- Opening Delimiter -

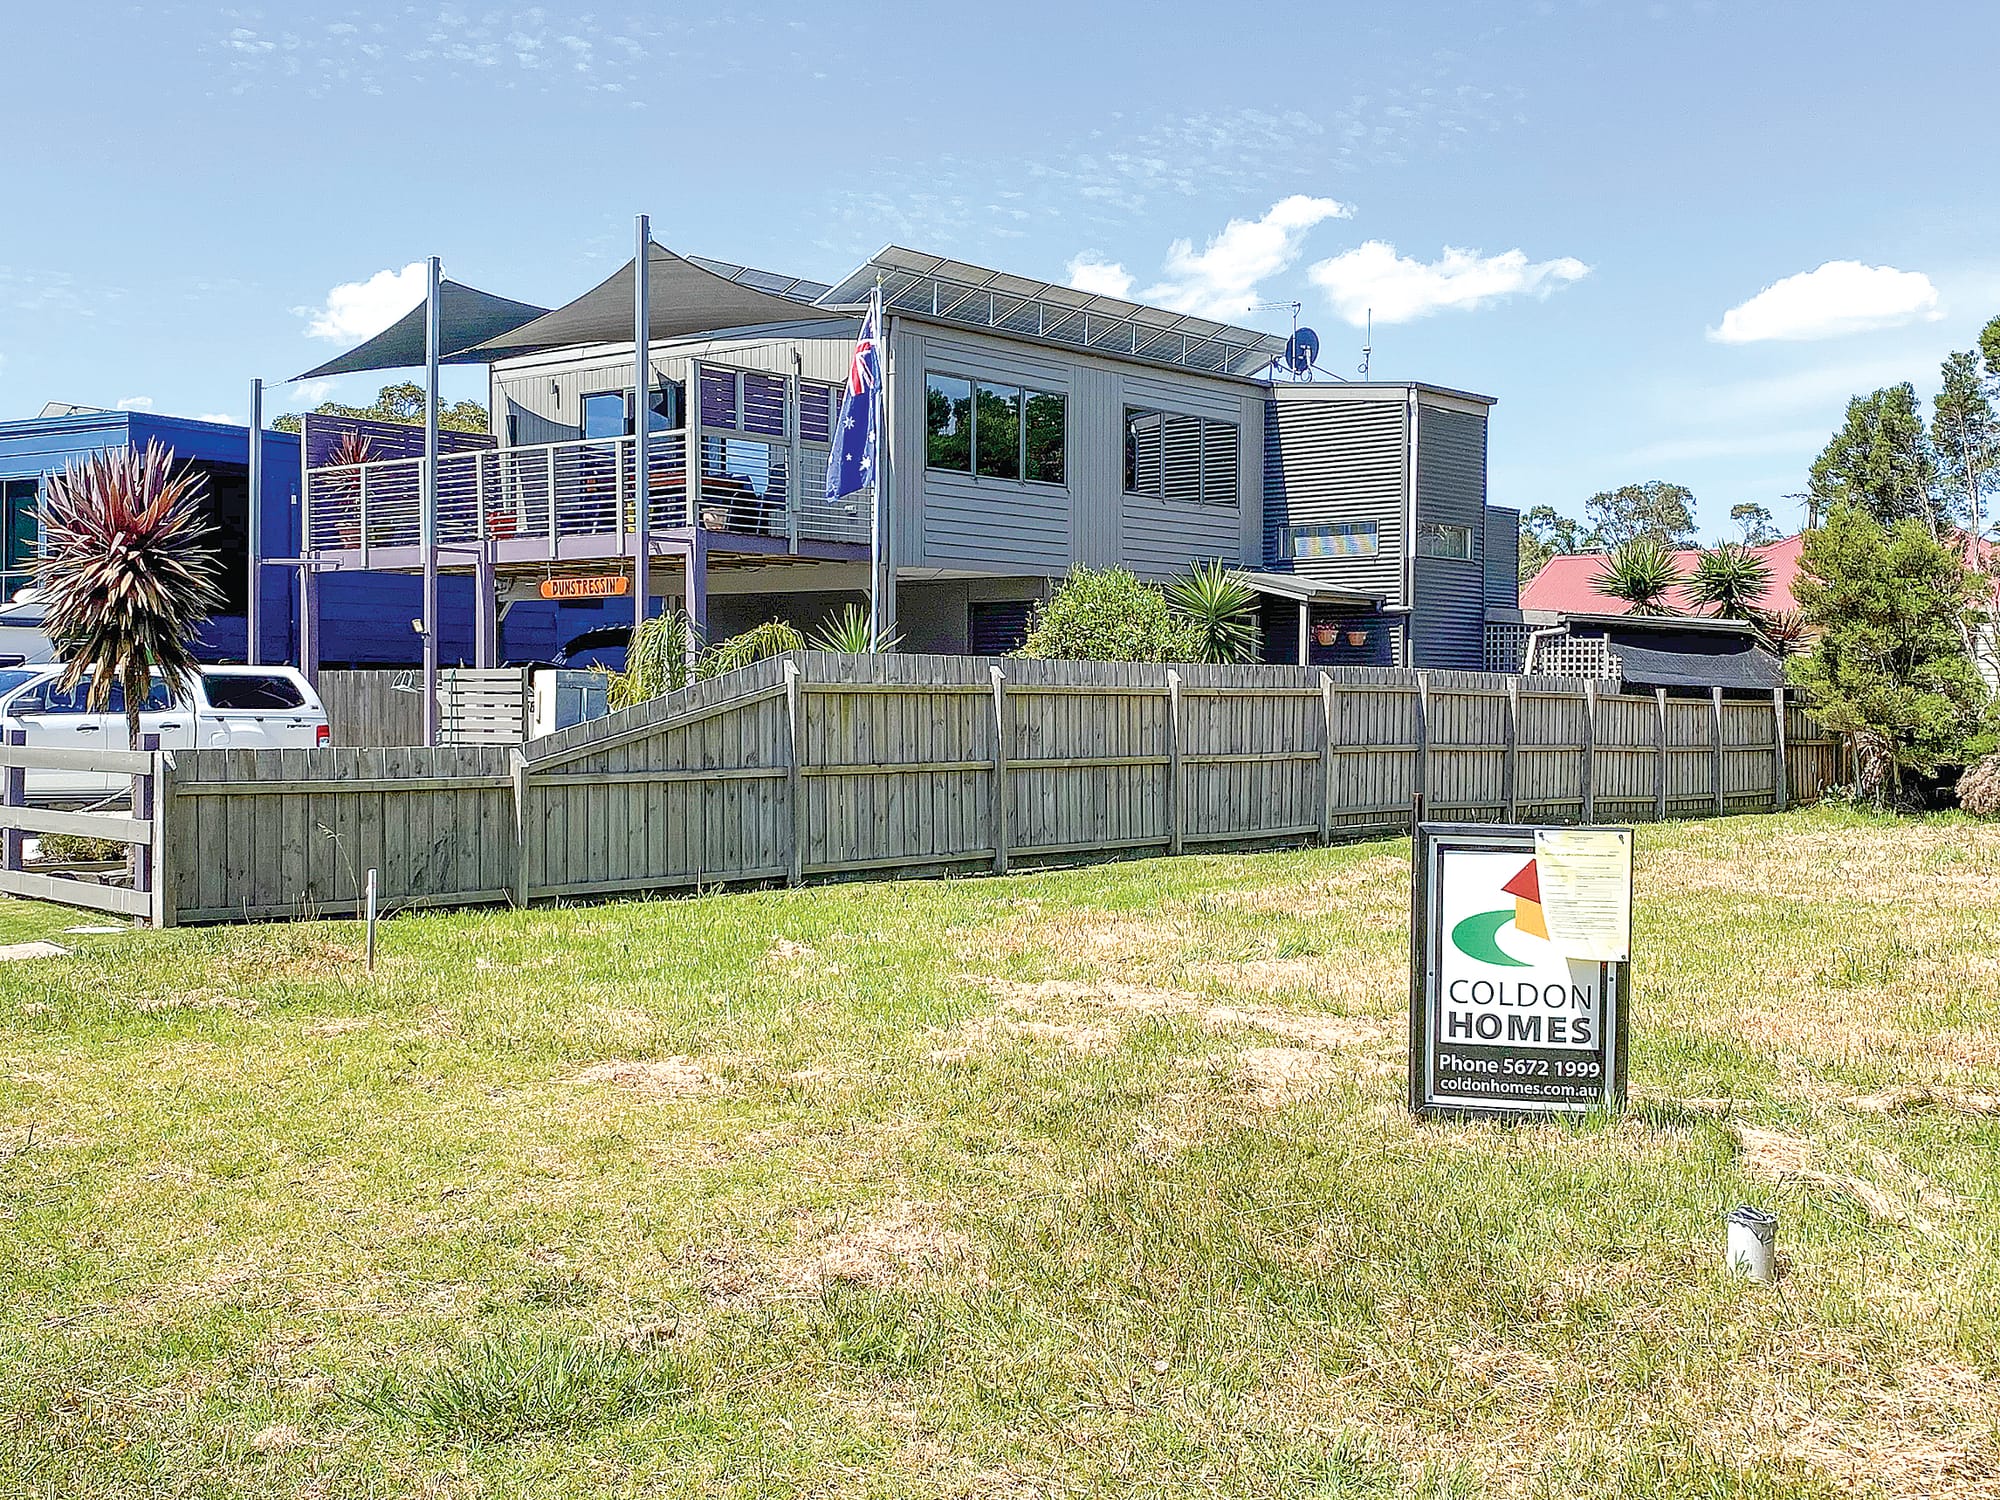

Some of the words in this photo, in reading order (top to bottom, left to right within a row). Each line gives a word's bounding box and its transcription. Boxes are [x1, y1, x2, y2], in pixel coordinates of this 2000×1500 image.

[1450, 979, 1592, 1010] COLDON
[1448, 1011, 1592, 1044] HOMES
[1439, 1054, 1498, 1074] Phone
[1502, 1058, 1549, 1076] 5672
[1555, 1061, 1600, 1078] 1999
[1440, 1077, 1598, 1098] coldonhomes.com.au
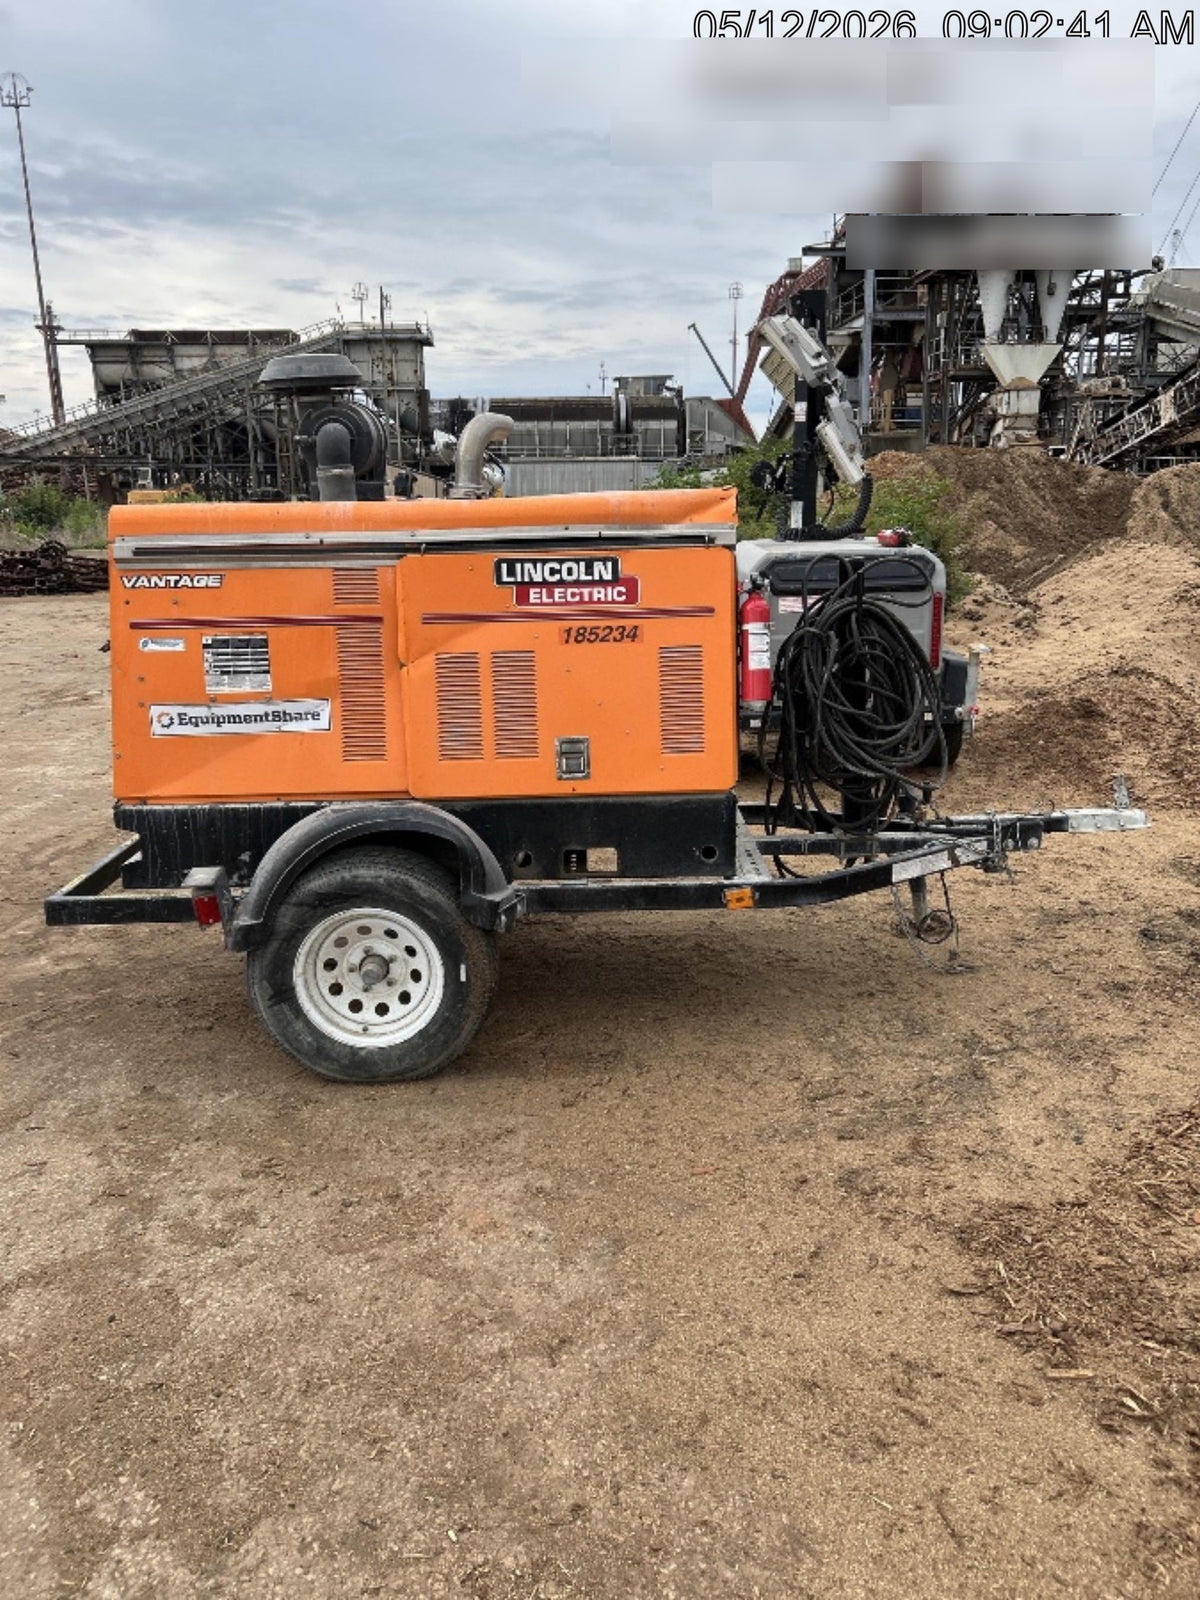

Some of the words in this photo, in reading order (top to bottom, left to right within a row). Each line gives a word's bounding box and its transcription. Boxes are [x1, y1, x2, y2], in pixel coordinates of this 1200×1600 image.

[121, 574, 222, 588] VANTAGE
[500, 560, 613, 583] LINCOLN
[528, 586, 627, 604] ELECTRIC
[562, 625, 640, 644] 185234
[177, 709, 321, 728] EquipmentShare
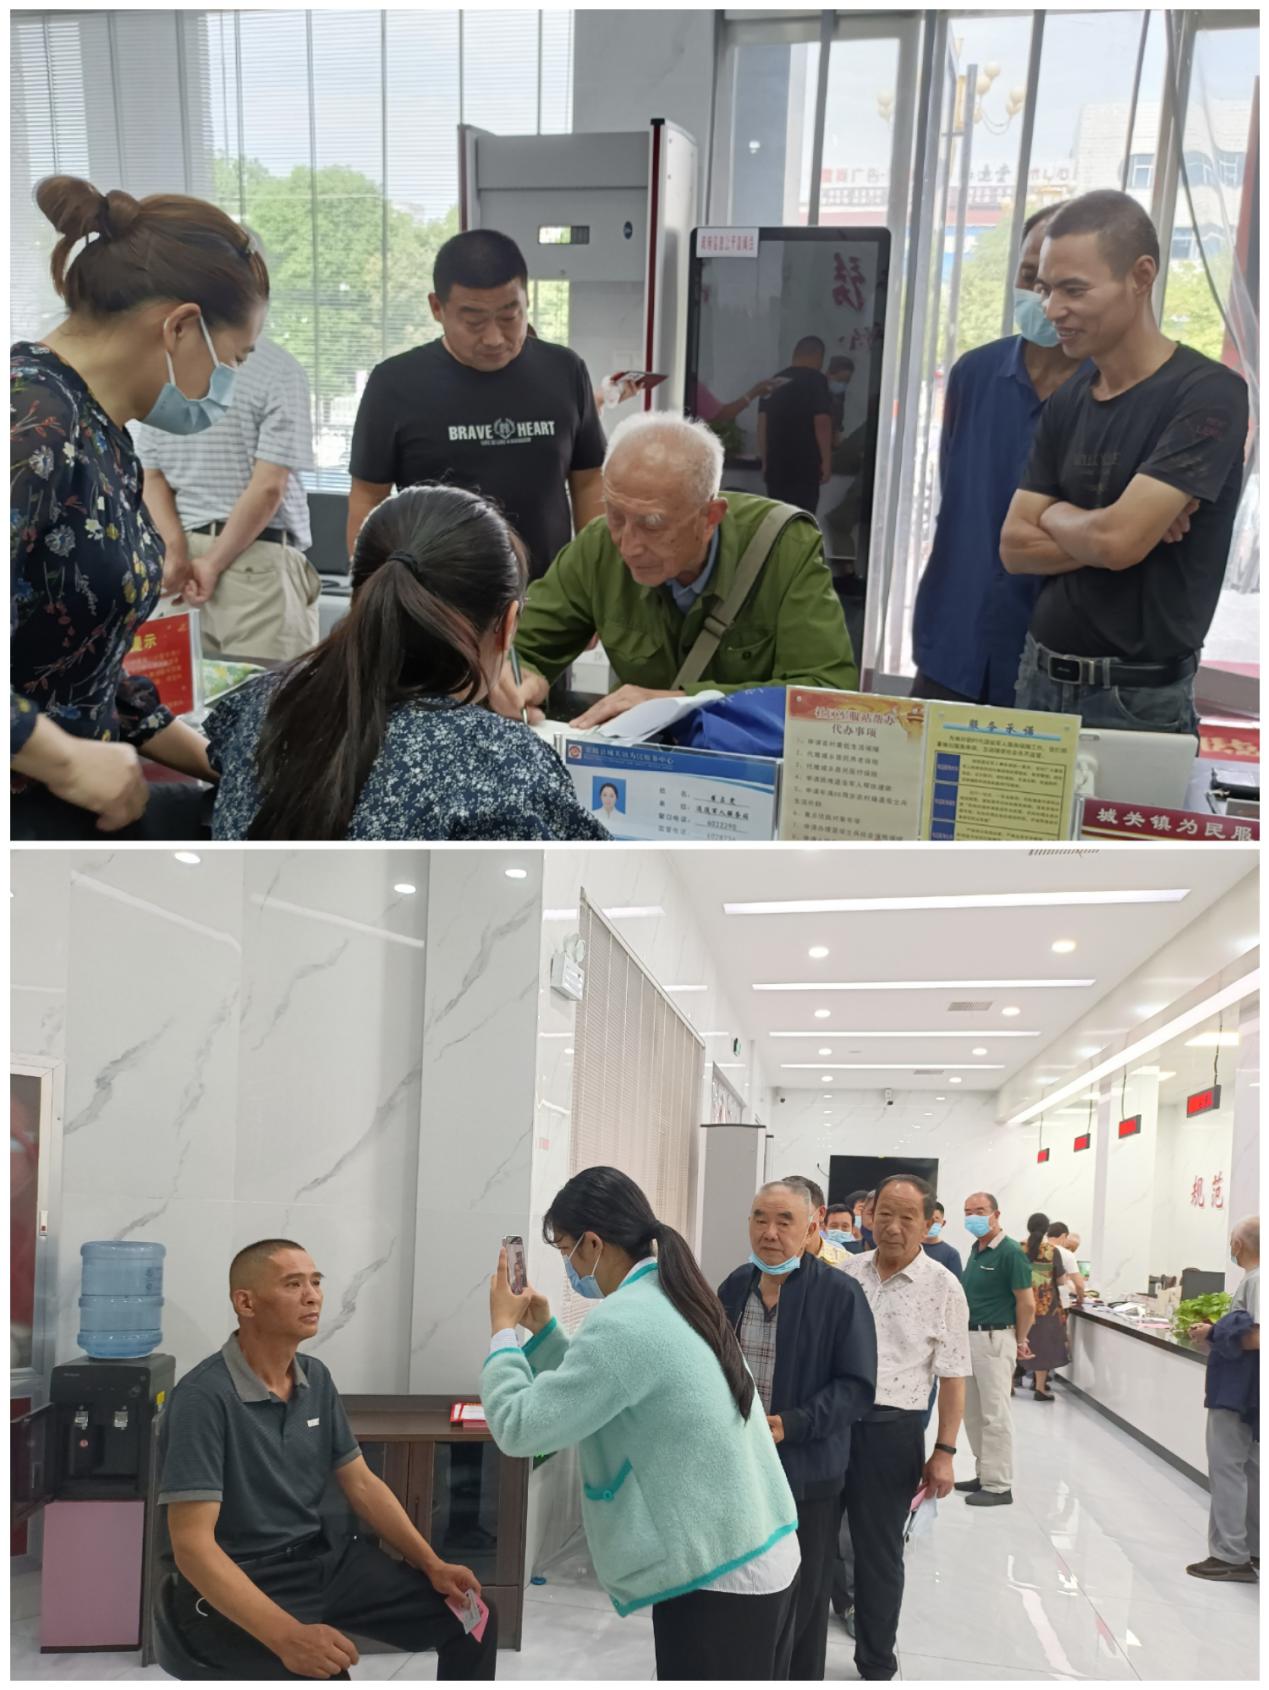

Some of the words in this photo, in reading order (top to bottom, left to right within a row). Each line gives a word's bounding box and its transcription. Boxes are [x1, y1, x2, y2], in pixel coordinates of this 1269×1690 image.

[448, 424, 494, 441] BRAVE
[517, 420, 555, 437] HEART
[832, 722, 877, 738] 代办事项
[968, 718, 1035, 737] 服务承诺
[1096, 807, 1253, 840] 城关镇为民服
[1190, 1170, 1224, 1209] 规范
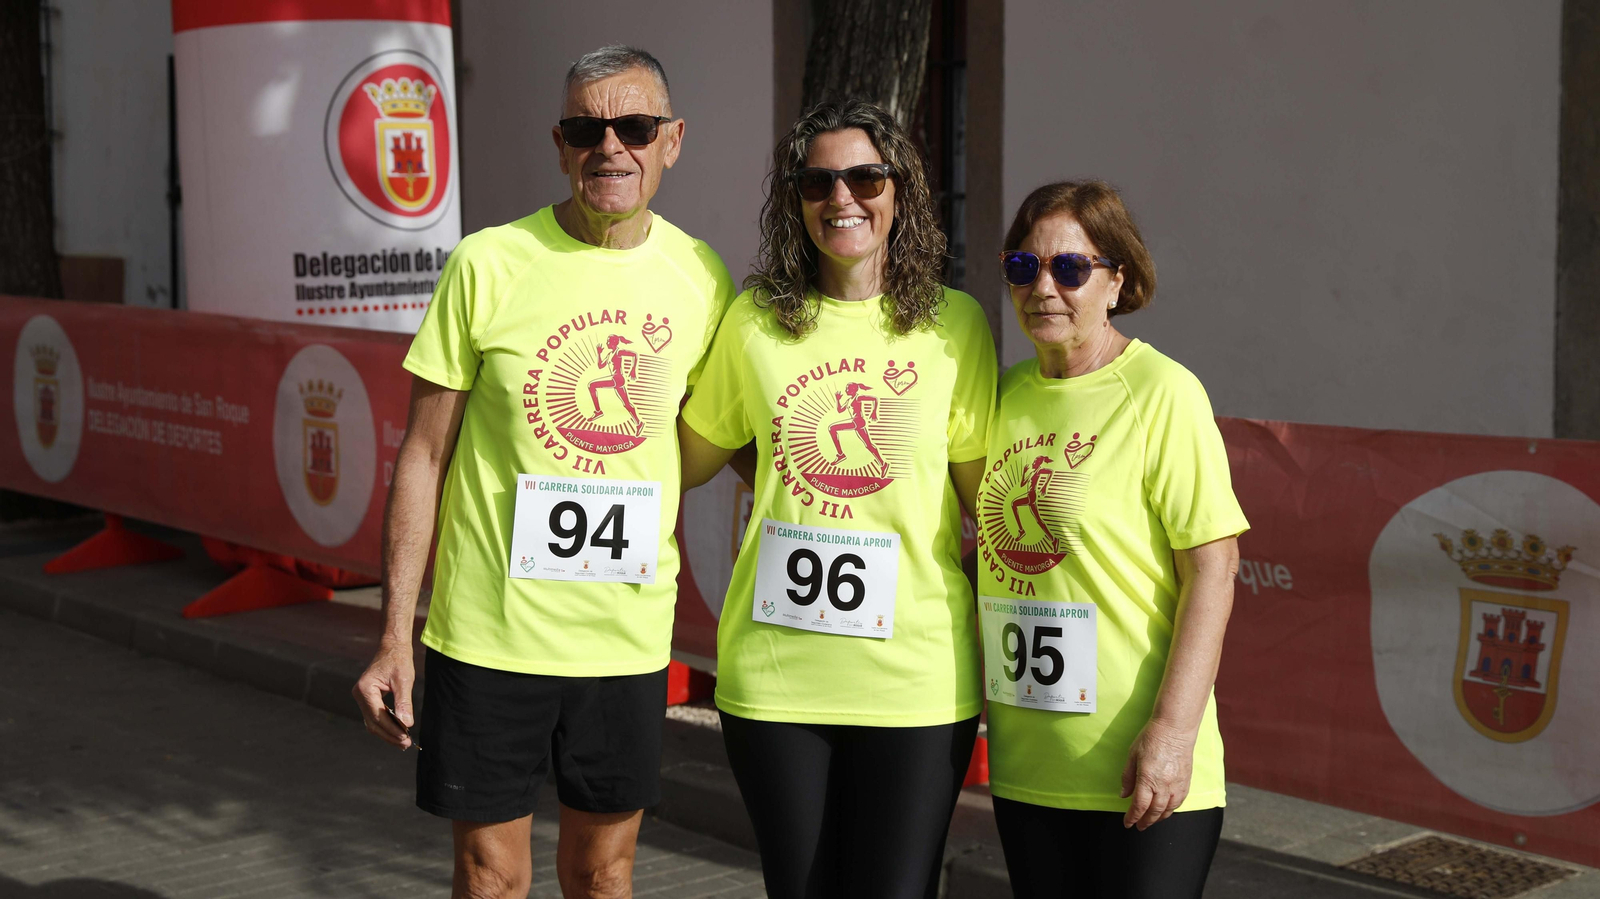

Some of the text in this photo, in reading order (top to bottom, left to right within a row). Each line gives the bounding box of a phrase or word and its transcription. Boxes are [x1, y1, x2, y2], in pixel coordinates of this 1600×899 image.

- Closing Delimiter -

> [EXERCISE]:
Without the pictures, return the records above exactly as written.

> [COMPLETED TASK]:
Some of the words in this photo, in reading order (top to bottom, left to right within a row). Each line gives a word's bounding box and its transcription. Boxes are [x1, y1, x2, y2], in pixel coordinates of this 2000×1500 image.

[1450, 979, 1592, 1010] COLDON
[1448, 1011, 1592, 1044] HOMES
[1439, 1054, 1498, 1074] Phone
[1502, 1058, 1549, 1076] 5672
[1555, 1061, 1600, 1078] 1999
[1440, 1077, 1598, 1098] coldonhomes.com.au

Some of the words in this photo, in reading order (top to bottom, left to right within a row). Each line gives a word's bounding box and its transcription. Boxes are [x1, y1, x2, y2], in pixel coordinates of this 1200×1600 image.

[121, 574, 222, 588] VANTAGE
[500, 560, 613, 583] LINCOLN
[528, 586, 627, 604] ELECTRIC
[562, 625, 640, 644] 185234
[177, 709, 321, 728] EquipmentShare

Some of the words in this photo, in reading order (top to bottom, left to right within a row). Each line gives a word's bounding box and its transcription. Boxes are [x1, y1, x2, y2], in pixel coordinates of this 1269×1690 image.

[448, 424, 494, 441] BRAVE
[517, 420, 555, 437] HEART
[832, 722, 877, 738] 代办事项
[968, 718, 1035, 737] 服务承诺
[1096, 807, 1253, 840] 城关镇为民服
[1190, 1170, 1224, 1209] 规范

Some of the text in this photo, in reading order (top to bottom, left to right within a row). Each line gives the bounding box of a phrase or word and its transcription. Boxes are [x1, y1, x2, y2], in pixel coordinates of this 1600×899 image.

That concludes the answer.